▶ _TO DO_
Return all of the listing word for word; the pictures stay out.

▶ _AVAILABLE RECORDS_

⟨

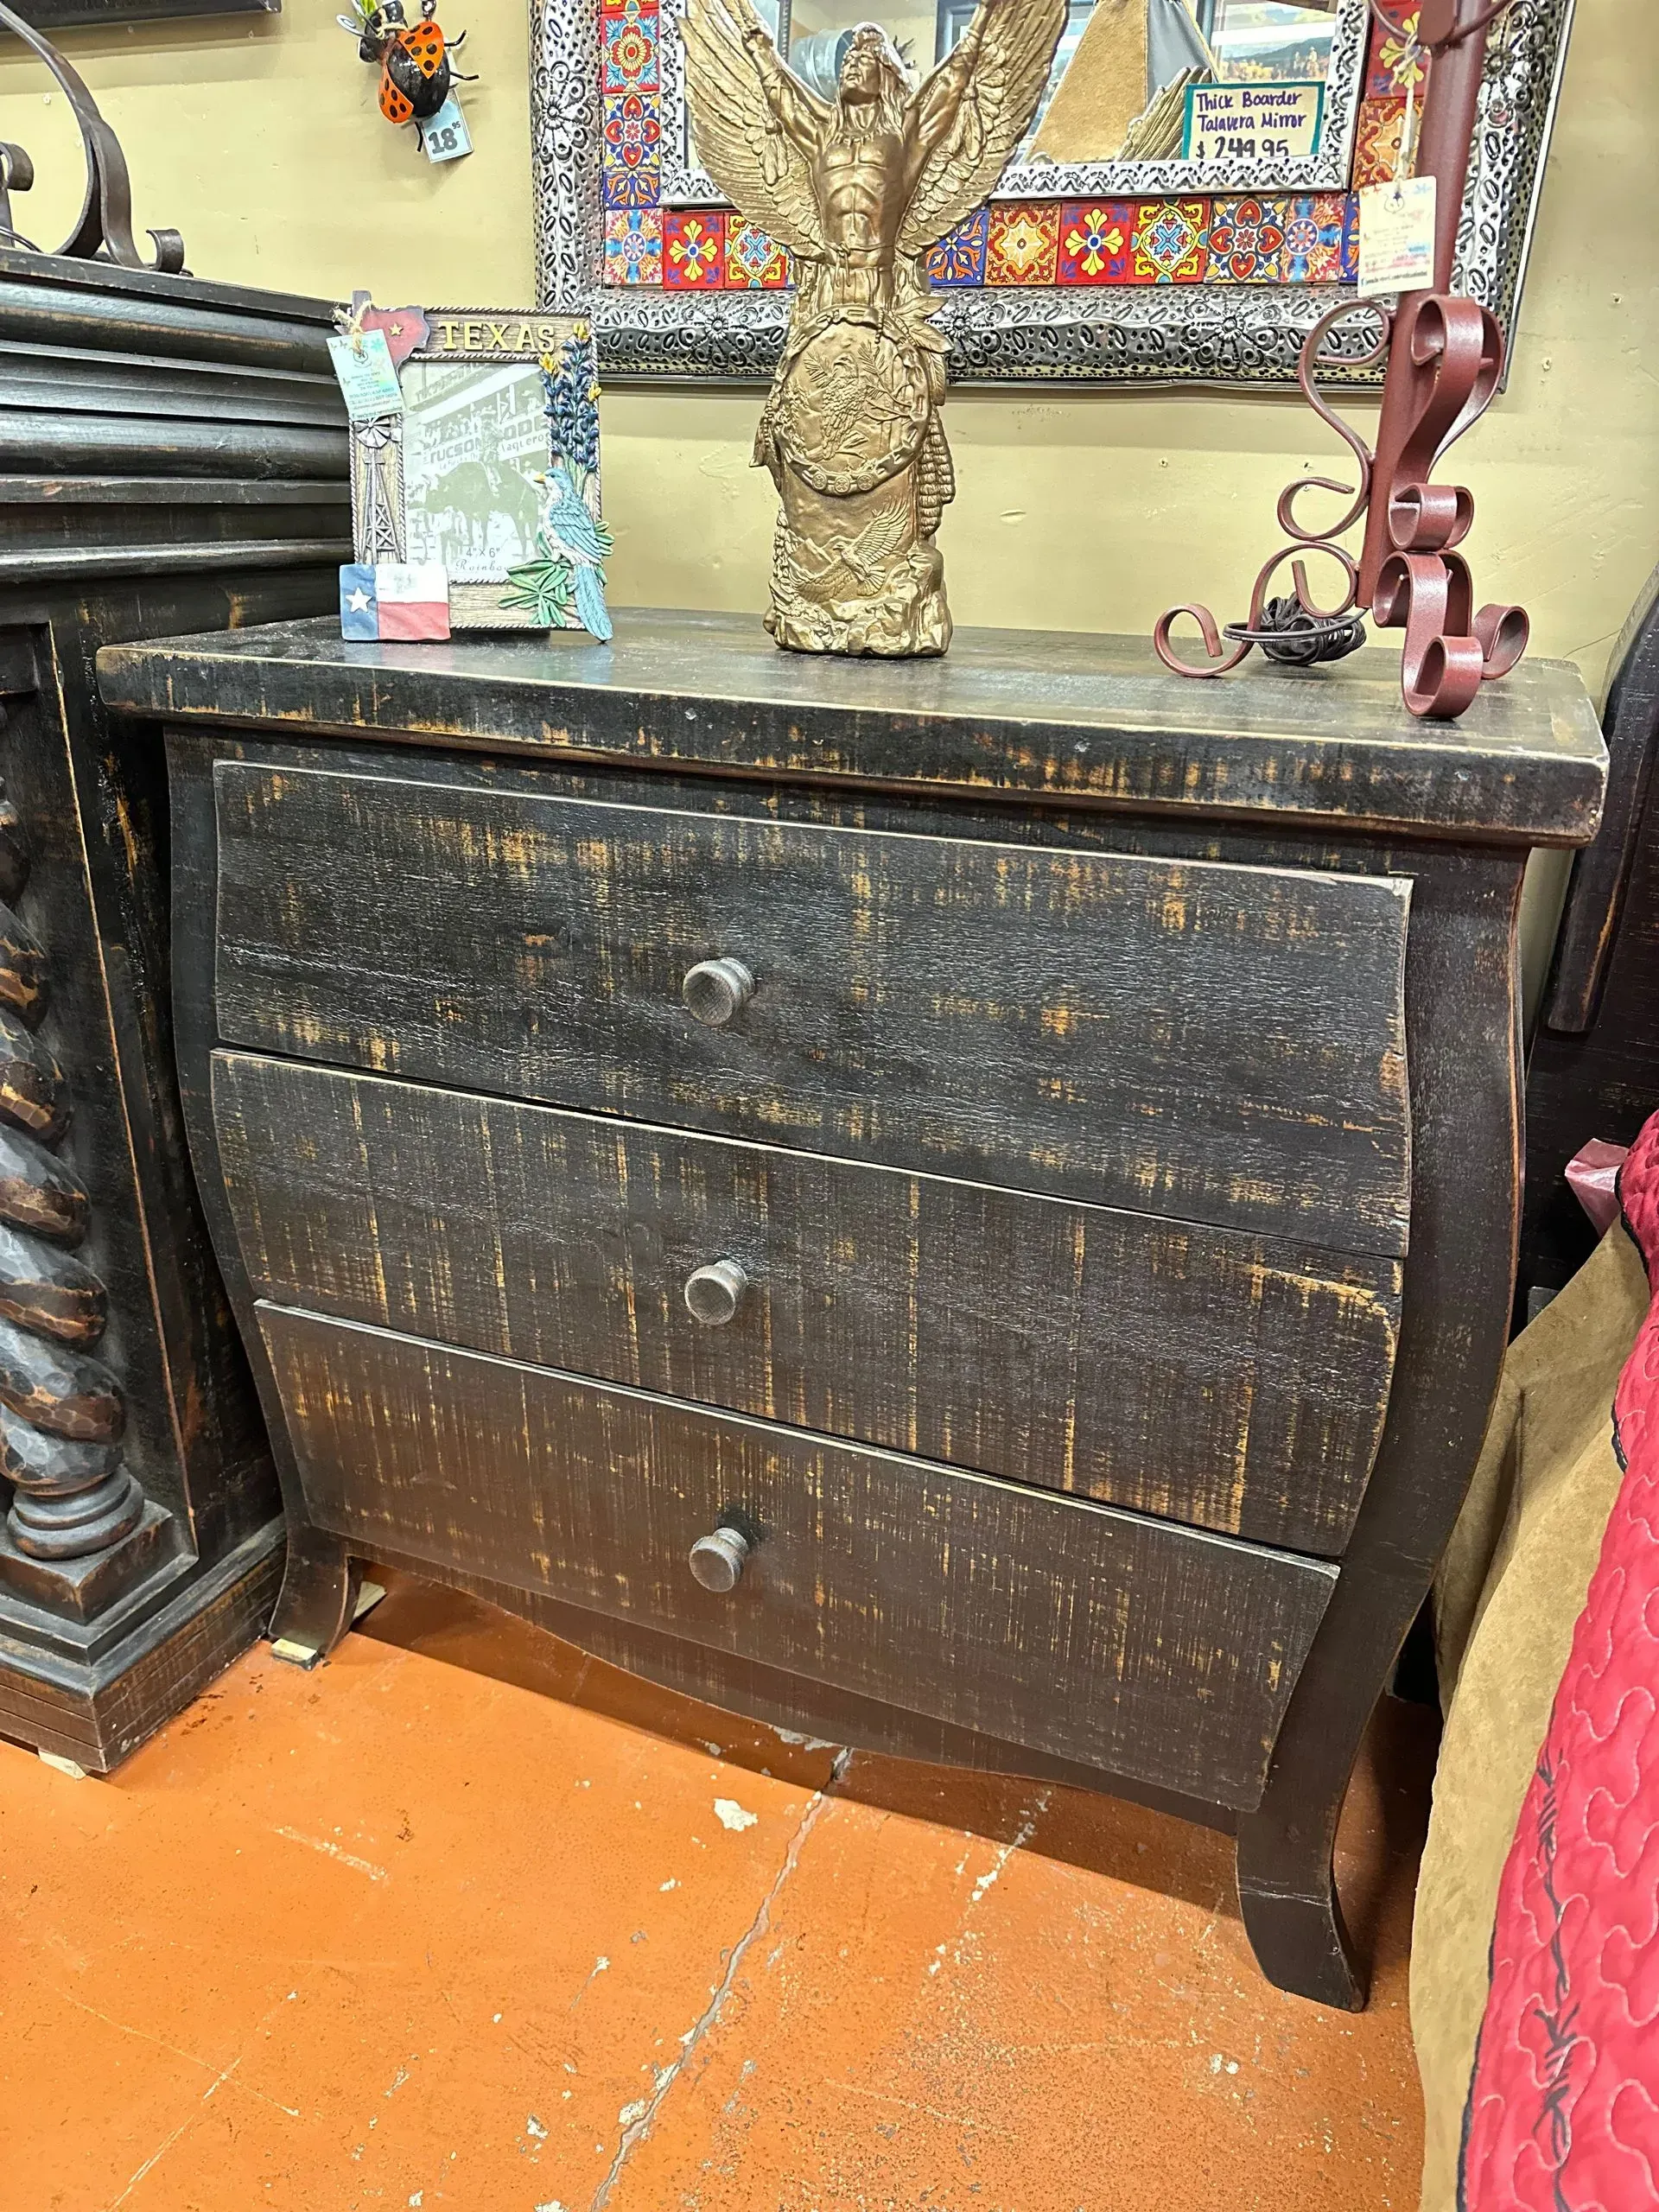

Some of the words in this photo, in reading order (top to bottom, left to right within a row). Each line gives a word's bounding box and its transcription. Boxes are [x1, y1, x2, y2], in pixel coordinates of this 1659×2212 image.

[1196, 92, 1234, 112] Thick
[1242, 91, 1302, 108] Boarder
[1196, 114, 1255, 132] Talavera
[1261, 111, 1307, 129] Mirror
[428, 128, 458, 154] 18
[437, 321, 554, 353] TEXAS
[429, 436, 482, 464] TUCSON
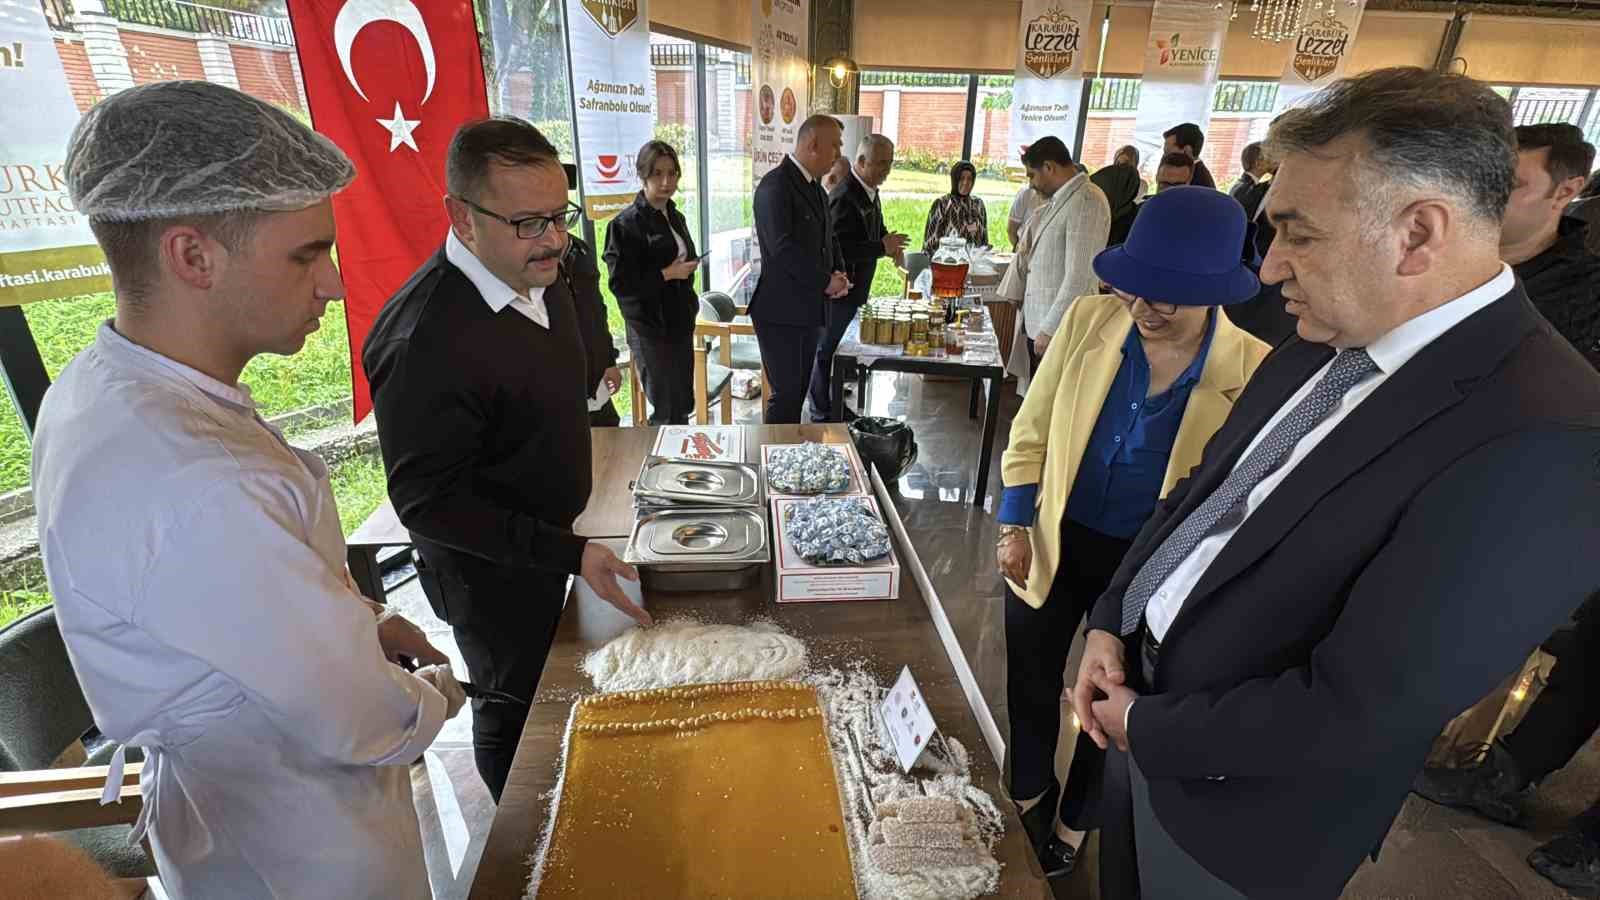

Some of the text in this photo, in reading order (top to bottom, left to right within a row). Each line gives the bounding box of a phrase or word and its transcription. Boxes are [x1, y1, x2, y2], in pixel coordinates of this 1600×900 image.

[1025, 24, 1080, 51] Lezzet
[1296, 33, 1348, 56] Lezzet
[579, 97, 627, 112] Safranbolu

⟩

▶ _TASK RESULT_
Some of the words in this photo, in reading order (top to bottom, left to right within a row). Each line gives a word's bounding box and its transcription. Boxes are [x1, y1, x2, y2], in pixel coordinates of this 1659×2212 image.

[1196, 92, 1234, 112] Thick
[1242, 91, 1302, 108] Boarder
[1196, 114, 1255, 132] Talavera
[1261, 111, 1307, 129] Mirror
[428, 128, 458, 154] 18
[437, 321, 554, 353] TEXAS
[429, 436, 482, 464] TUCSON

Some of the text in this photo, in reading order (top to bottom, left to right within a row). Each line gives the bounding box of a phrase or word and its transcription. Boxes are [x1, y1, x2, y2], in pixel coordinates of this 1600×900 image.

[1025, 24, 1080, 51] Lezzet
[1296, 33, 1348, 56] Lezzet
[579, 97, 627, 112] Safranbolu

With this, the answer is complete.